#### [Raw data]

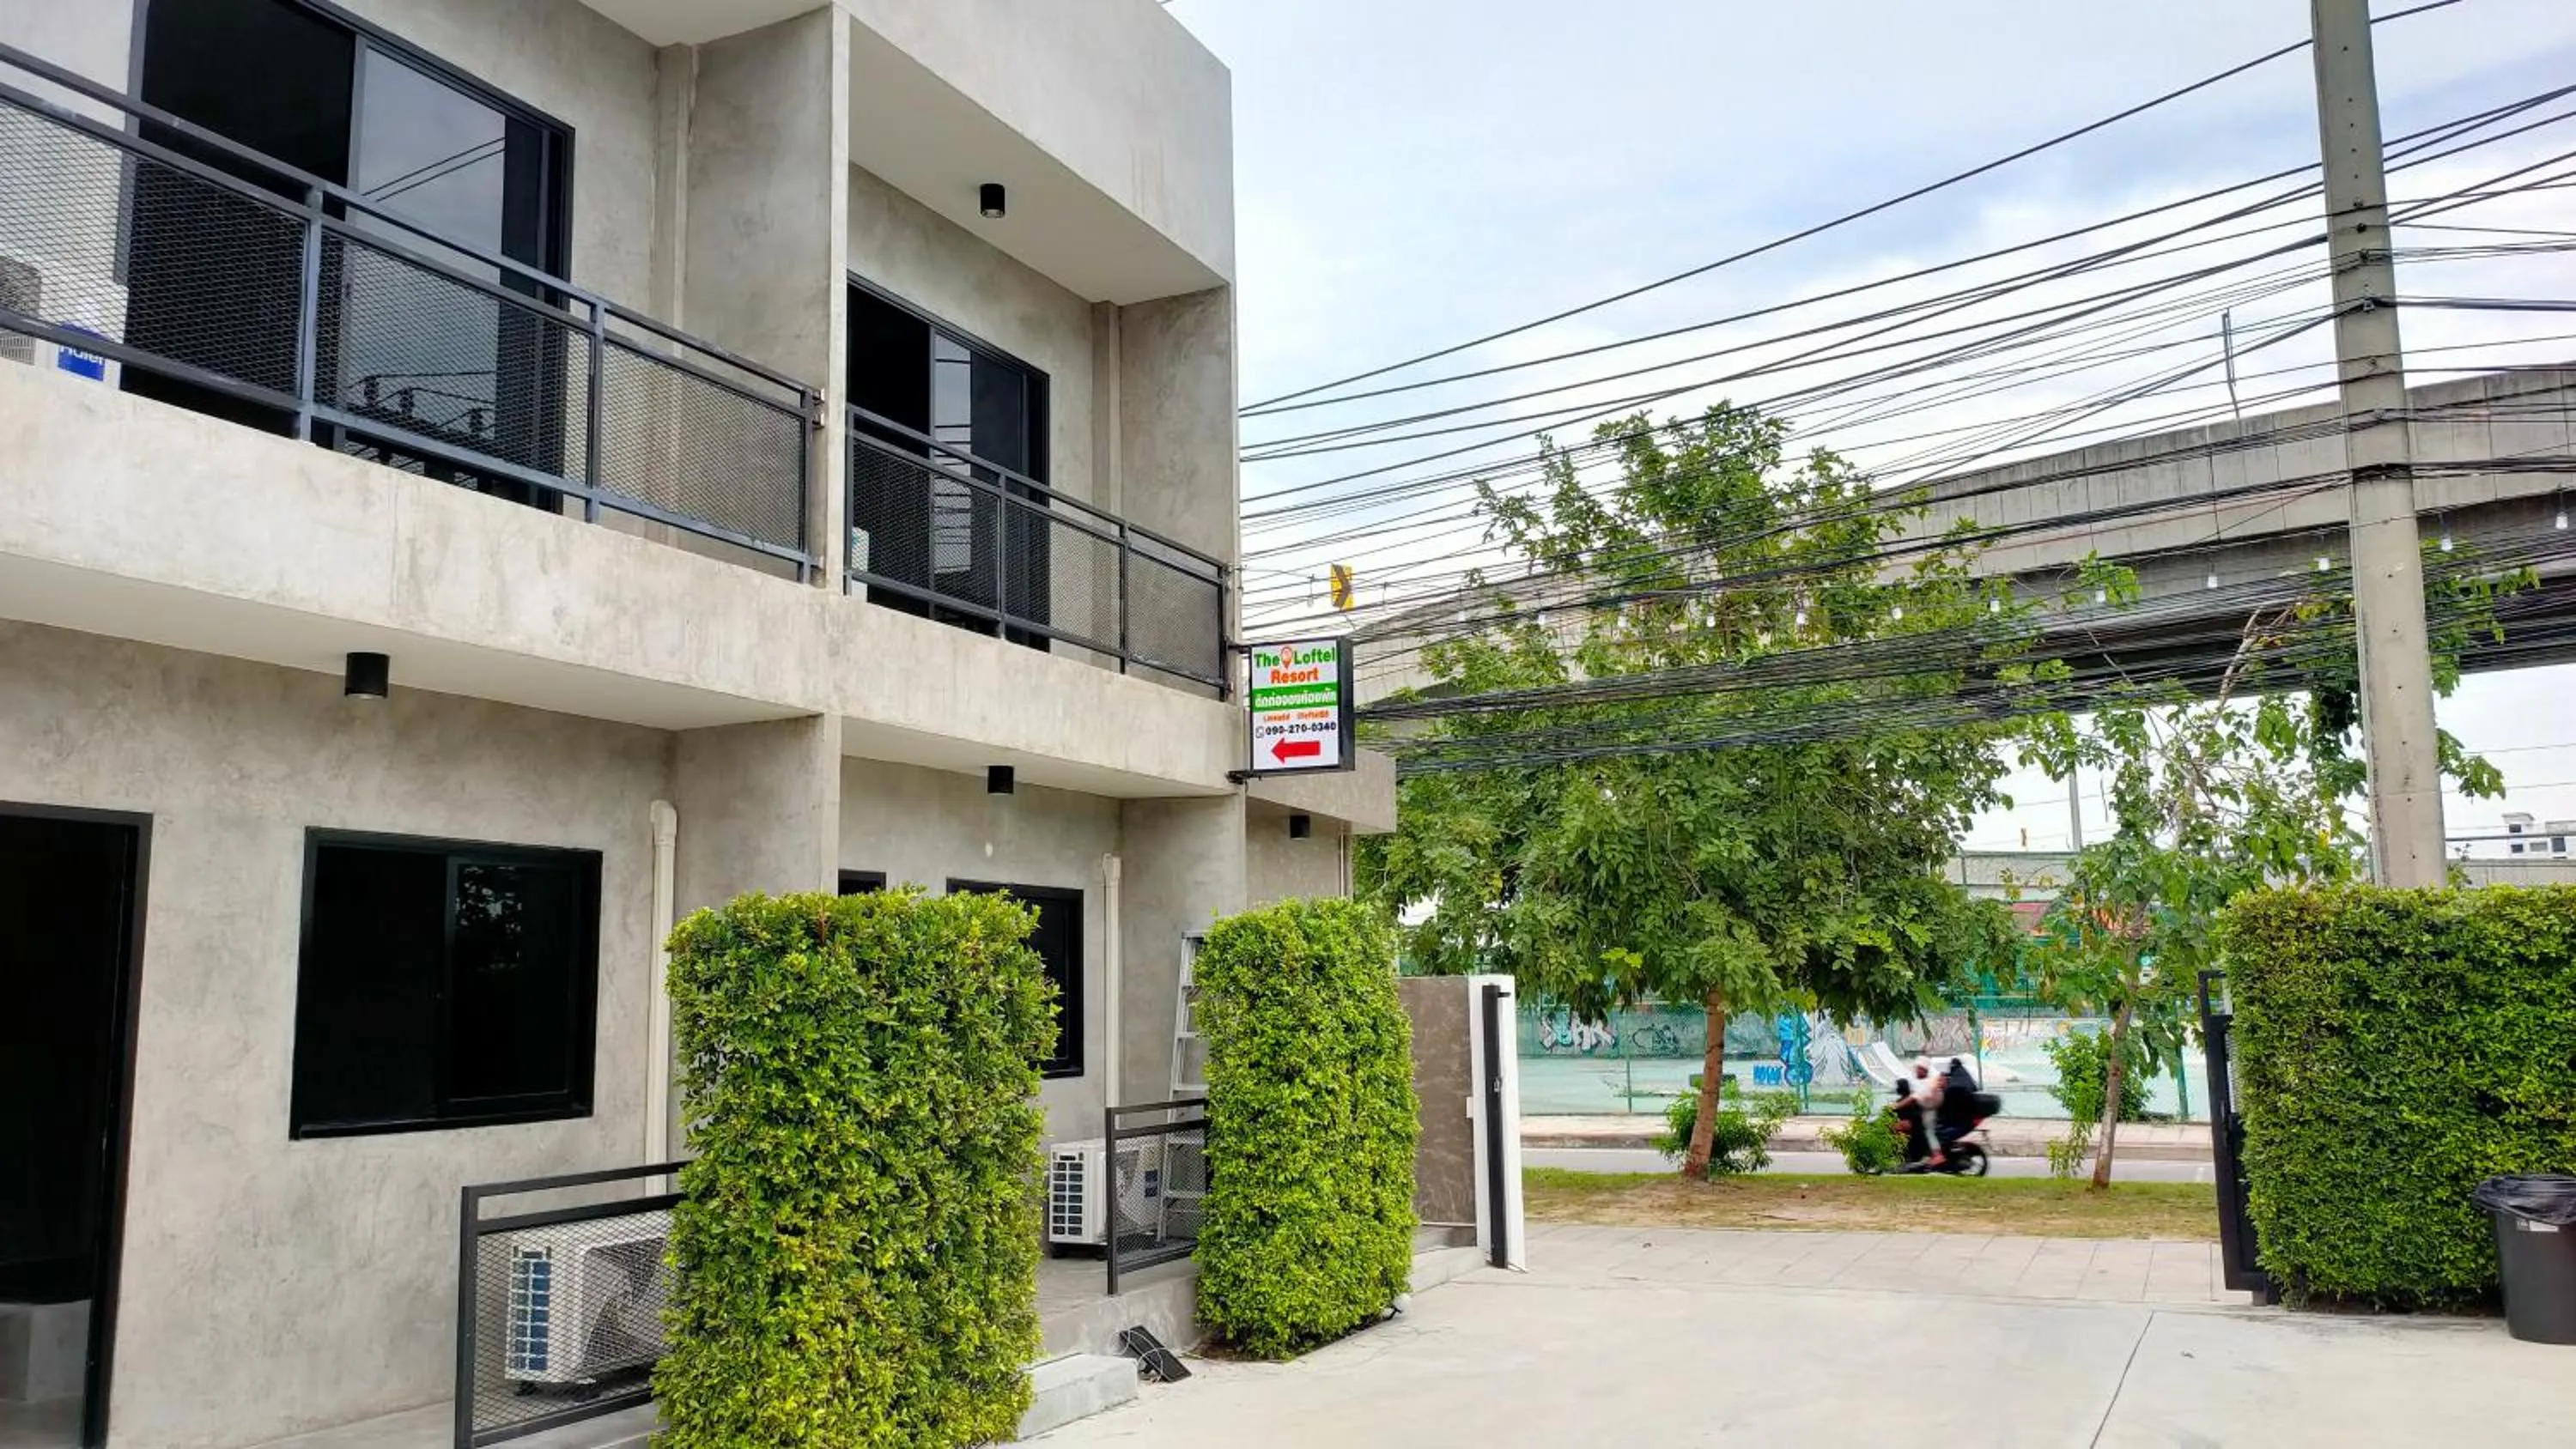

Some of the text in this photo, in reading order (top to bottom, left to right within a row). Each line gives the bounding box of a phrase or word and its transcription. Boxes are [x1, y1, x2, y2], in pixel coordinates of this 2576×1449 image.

[1254, 647, 1335, 668] The Loftel
[1270, 667, 1319, 683] Resort
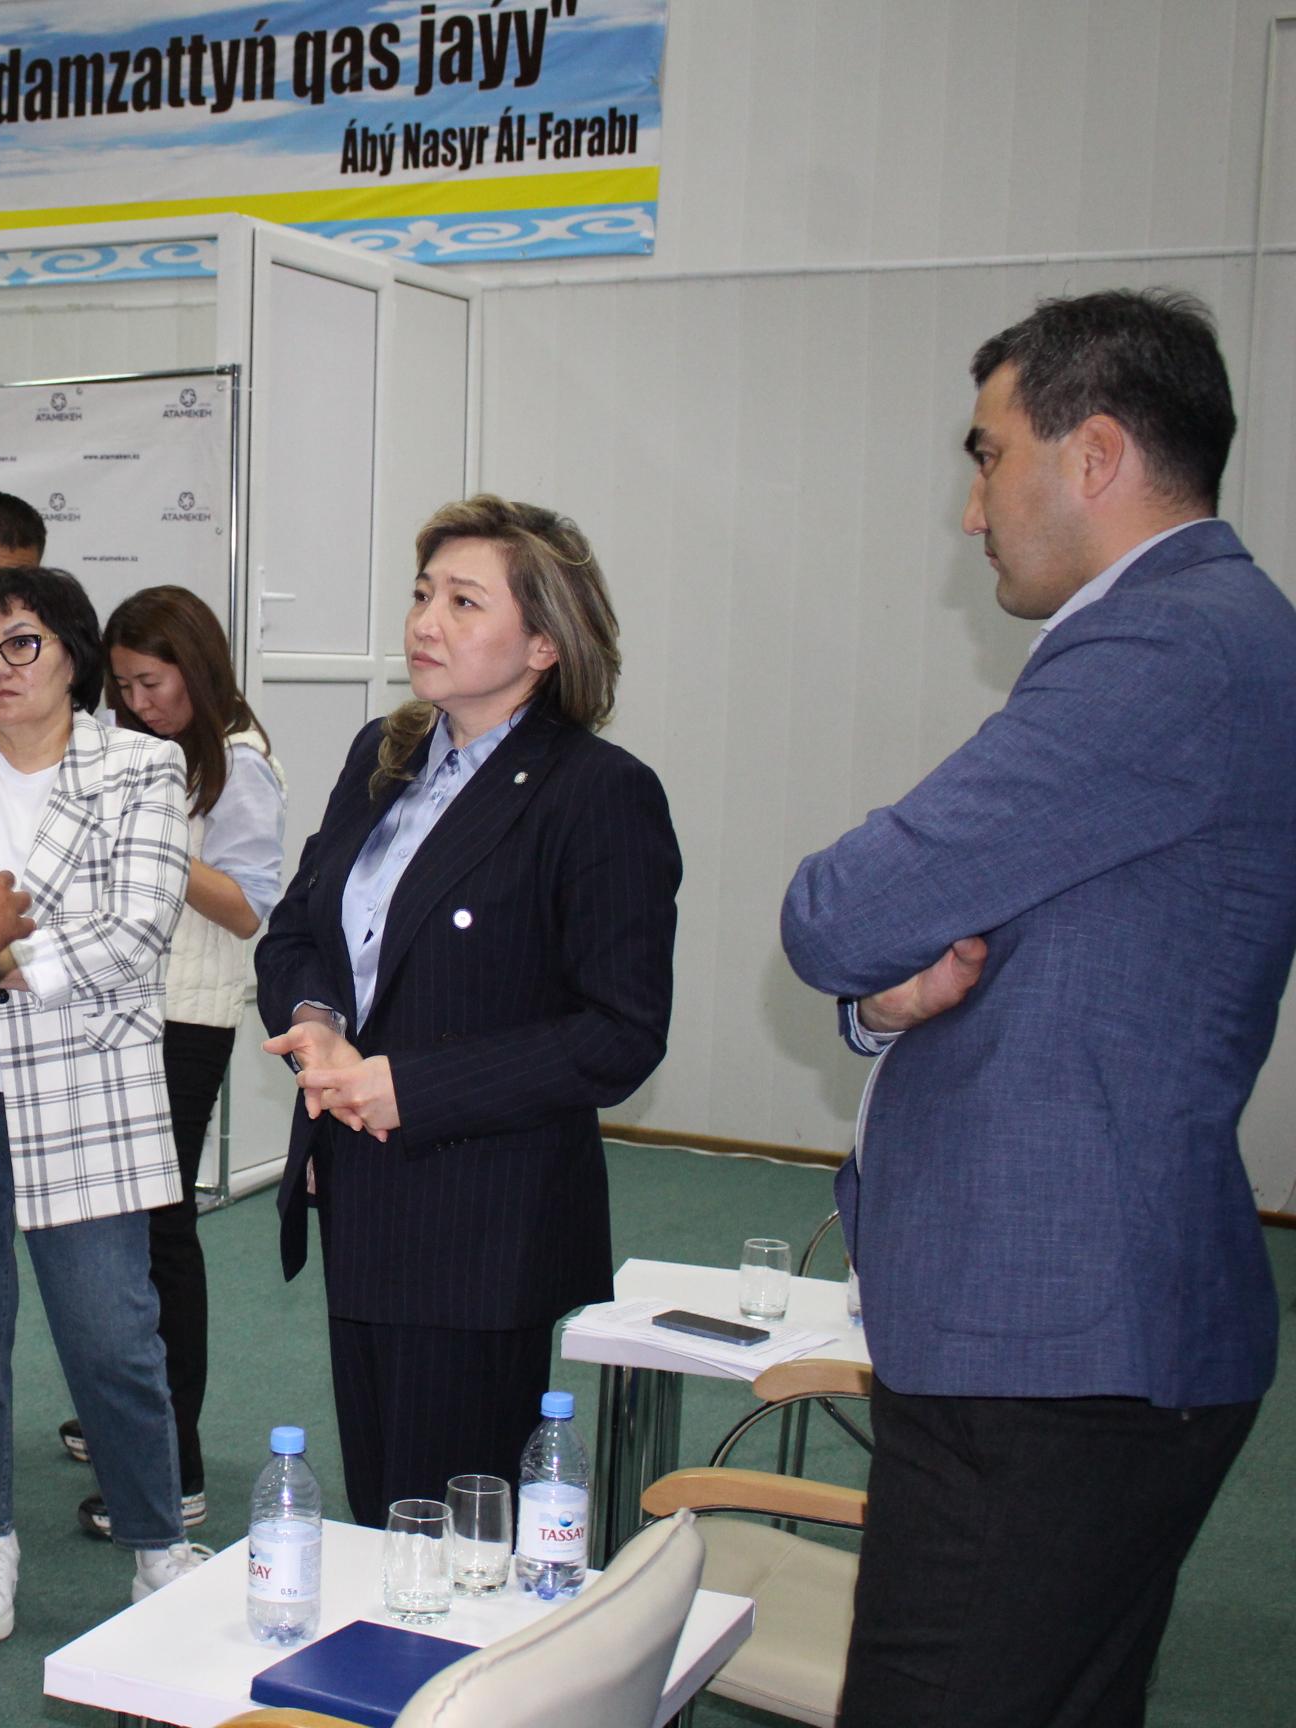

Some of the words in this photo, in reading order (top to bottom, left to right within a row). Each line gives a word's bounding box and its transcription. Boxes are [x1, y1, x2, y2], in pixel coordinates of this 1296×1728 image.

[292, 21, 401, 105] qas
[401, 121, 490, 172] Nasyr
[538, 1527, 585, 1542] TASSAY

#### [Task to complete]
Set down the records above exactly, leaving out pictures.

#### [Task answer]
Some of the text in this photo, in reading order (top to bottom, left to right within a row). Each line gives the bounding box of a phrase or word and its transcription. Boxes are [x1, y1, x2, y2], in pixel coordinates of this 2576×1449 image.

[1254, 647, 1335, 668] The Loftel
[1270, 667, 1319, 683] Resort

Some of the words in this photo, in reading order (top to bottom, left to right within a row). Each line gives a word's bounding box and its transcription. Boxes are [x1, y1, x2, y2], in pixel coordinates of this 1296×1728 image.

[292, 21, 401, 105] qas
[401, 121, 490, 172] Nasyr
[538, 1527, 585, 1542] TASSAY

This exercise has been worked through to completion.